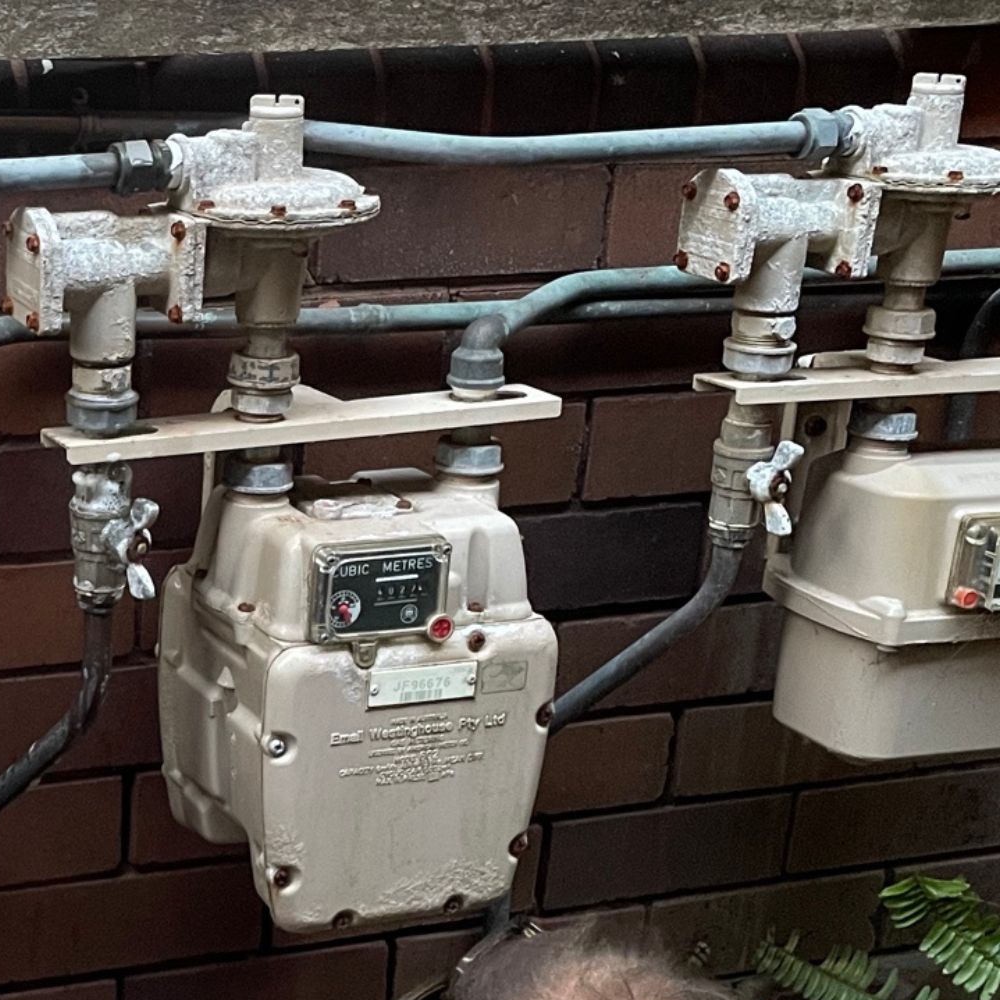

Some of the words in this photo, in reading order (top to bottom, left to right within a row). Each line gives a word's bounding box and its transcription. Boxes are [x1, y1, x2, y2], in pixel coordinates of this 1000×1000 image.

[382, 557, 433, 573] METRES
[369, 720, 453, 742] Westinghouse
[458, 716, 481, 732] Pty
[484, 712, 506, 729] Ltd

WHAT IS EXPECTED =
Only the pictures are to be left out; copy all the remaining material above exactly.

WRITTEN REPLY =
Some of the words in this photo, in reading order (top to bottom, left to right within a row). Each line gives a word's bounding box and its transcription. Boxes are [x1, y1, x2, y2], in pixel coordinates of this 1000×1000 image.

[382, 557, 433, 573] METRES
[369, 720, 453, 742] Westinghouse
[458, 716, 481, 732] Pty
[484, 712, 506, 729] Ltd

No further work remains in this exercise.